EXERCISE AIM: A word-for-word copy of the entries is the goal; leave out the pictures.

___ SUPPLIED RECORDS

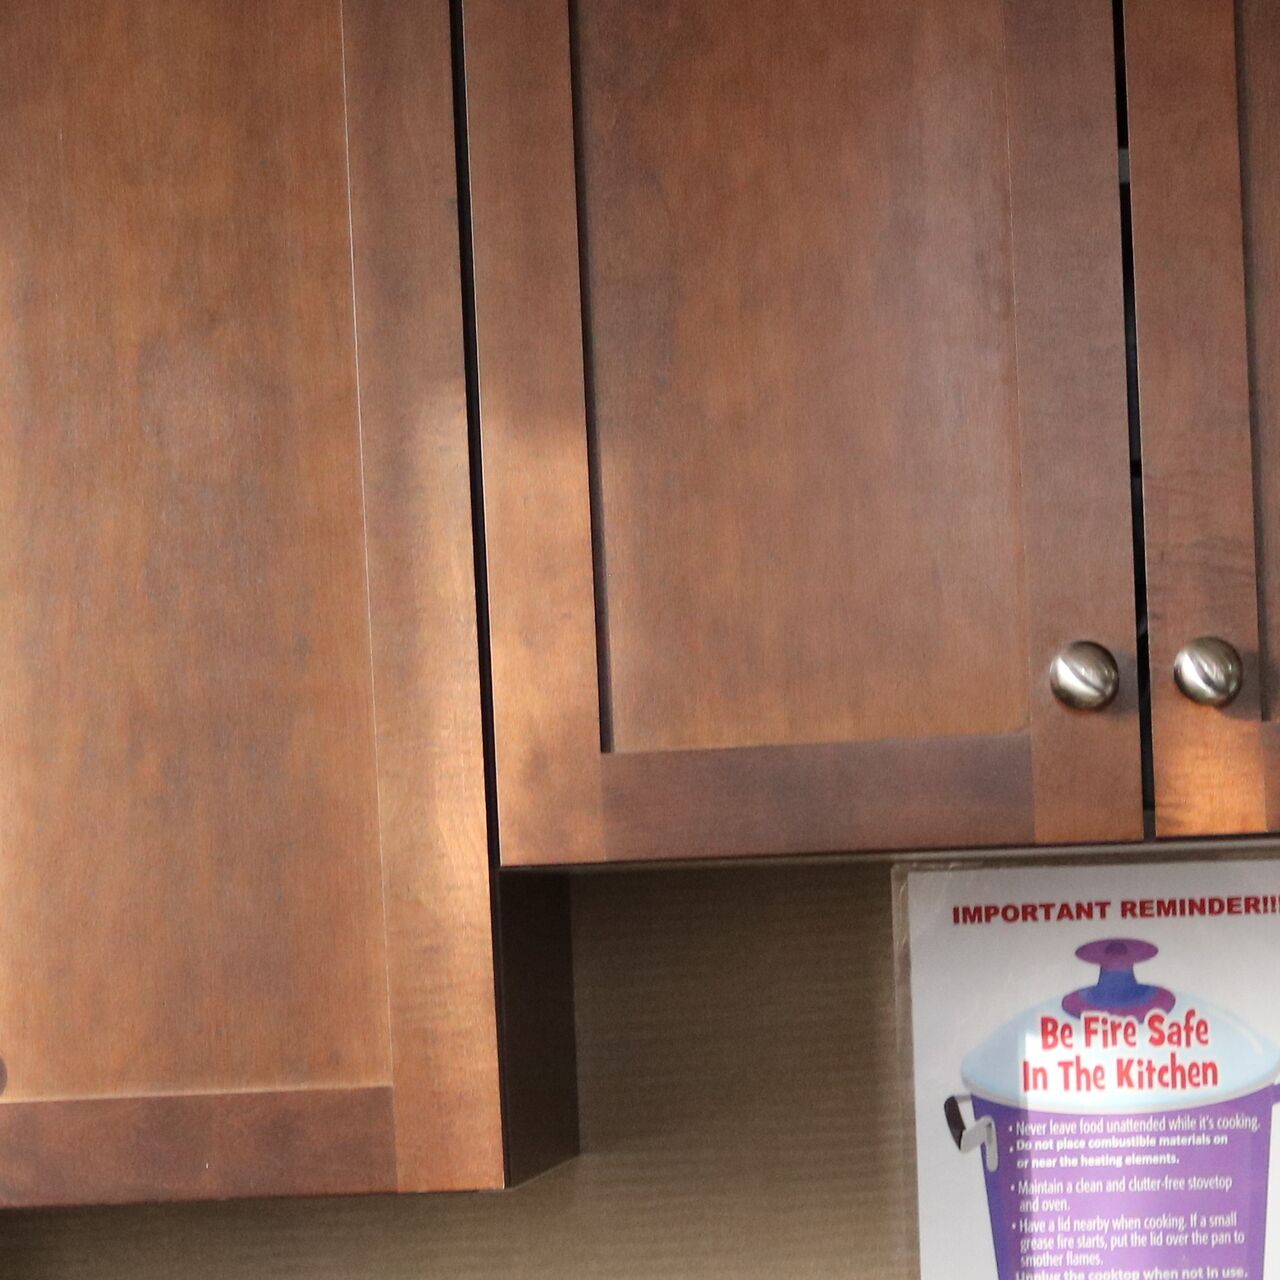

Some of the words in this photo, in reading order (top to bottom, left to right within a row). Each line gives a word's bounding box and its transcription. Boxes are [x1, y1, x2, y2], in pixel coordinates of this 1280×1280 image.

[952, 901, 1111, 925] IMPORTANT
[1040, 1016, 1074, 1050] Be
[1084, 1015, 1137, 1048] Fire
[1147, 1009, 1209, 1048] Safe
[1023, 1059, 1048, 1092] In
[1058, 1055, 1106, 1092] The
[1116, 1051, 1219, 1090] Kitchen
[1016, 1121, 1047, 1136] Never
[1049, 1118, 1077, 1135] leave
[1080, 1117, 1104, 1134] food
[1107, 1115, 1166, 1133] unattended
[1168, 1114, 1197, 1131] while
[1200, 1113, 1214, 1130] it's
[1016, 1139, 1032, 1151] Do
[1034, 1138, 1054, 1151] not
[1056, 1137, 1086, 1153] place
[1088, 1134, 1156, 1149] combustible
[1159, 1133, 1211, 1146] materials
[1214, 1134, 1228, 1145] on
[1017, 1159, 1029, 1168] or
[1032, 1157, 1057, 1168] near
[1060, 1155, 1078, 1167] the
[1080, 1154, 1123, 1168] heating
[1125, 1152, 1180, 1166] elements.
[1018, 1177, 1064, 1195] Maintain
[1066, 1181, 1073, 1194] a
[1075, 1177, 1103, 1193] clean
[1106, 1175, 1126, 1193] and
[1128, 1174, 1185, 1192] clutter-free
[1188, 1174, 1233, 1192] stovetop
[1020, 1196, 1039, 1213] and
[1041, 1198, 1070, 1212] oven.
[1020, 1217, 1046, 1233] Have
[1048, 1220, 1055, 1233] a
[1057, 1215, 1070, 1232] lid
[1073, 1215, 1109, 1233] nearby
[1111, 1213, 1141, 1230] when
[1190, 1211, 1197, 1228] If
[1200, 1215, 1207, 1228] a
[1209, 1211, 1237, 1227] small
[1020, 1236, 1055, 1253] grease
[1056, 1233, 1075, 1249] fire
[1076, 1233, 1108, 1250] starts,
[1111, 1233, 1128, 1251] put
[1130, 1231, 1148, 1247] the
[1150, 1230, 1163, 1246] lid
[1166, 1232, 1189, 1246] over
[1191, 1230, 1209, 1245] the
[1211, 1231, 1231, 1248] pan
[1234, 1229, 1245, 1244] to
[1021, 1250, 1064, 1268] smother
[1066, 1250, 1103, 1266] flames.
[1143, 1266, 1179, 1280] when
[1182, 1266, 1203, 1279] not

______

RESPONSE TO THIS TASK:
Some of the words in this photo, in reading order (top to bottom, left to right within a row). Each line gives a word's bounding box and its transcription. Boxes are [x1, y1, x2, y2], in pixel coordinates of this 1280×1280 image.

[952, 901, 1111, 925] IMPORTANT
[1040, 1016, 1074, 1050] Be
[1084, 1015, 1137, 1048] Fire
[1147, 1009, 1209, 1048] Safe
[1023, 1059, 1048, 1092] In
[1058, 1055, 1106, 1092] The
[1116, 1051, 1219, 1090] Kitchen
[1016, 1121, 1047, 1136] Never
[1049, 1118, 1077, 1135] leave
[1080, 1117, 1104, 1134] food
[1107, 1115, 1166, 1133] unattended
[1168, 1114, 1197, 1131] while
[1200, 1113, 1214, 1130] it's
[1016, 1139, 1032, 1151] Do
[1034, 1138, 1054, 1151] not
[1056, 1137, 1086, 1153] place
[1088, 1134, 1156, 1149] combustible
[1159, 1133, 1211, 1146] materials
[1214, 1134, 1228, 1145] on
[1017, 1159, 1029, 1168] or
[1032, 1157, 1057, 1168] near
[1060, 1155, 1078, 1167] the
[1080, 1154, 1123, 1168] heating
[1125, 1152, 1180, 1166] elements.
[1018, 1177, 1064, 1195] Maintain
[1066, 1181, 1073, 1194] a
[1075, 1177, 1103, 1193] clean
[1106, 1175, 1126, 1193] and
[1128, 1174, 1185, 1192] clutter-free
[1188, 1174, 1233, 1192] stovetop
[1020, 1196, 1039, 1213] and
[1041, 1198, 1070, 1212] oven.
[1020, 1217, 1046, 1233] Have
[1048, 1220, 1055, 1233] a
[1057, 1215, 1070, 1232] lid
[1073, 1215, 1109, 1233] nearby
[1111, 1213, 1141, 1230] when
[1190, 1211, 1197, 1228] If
[1200, 1215, 1207, 1228] a
[1209, 1211, 1237, 1227] small
[1020, 1236, 1055, 1253] grease
[1056, 1233, 1075, 1249] fire
[1076, 1233, 1108, 1250] starts,
[1111, 1233, 1128, 1251] put
[1130, 1231, 1148, 1247] the
[1150, 1230, 1163, 1246] lid
[1166, 1232, 1189, 1246] over
[1191, 1230, 1209, 1245] the
[1211, 1231, 1231, 1248] pan
[1234, 1229, 1245, 1244] to
[1021, 1250, 1064, 1268] smother
[1066, 1250, 1103, 1266] flames.
[1143, 1266, 1179, 1280] when
[1182, 1266, 1203, 1279] not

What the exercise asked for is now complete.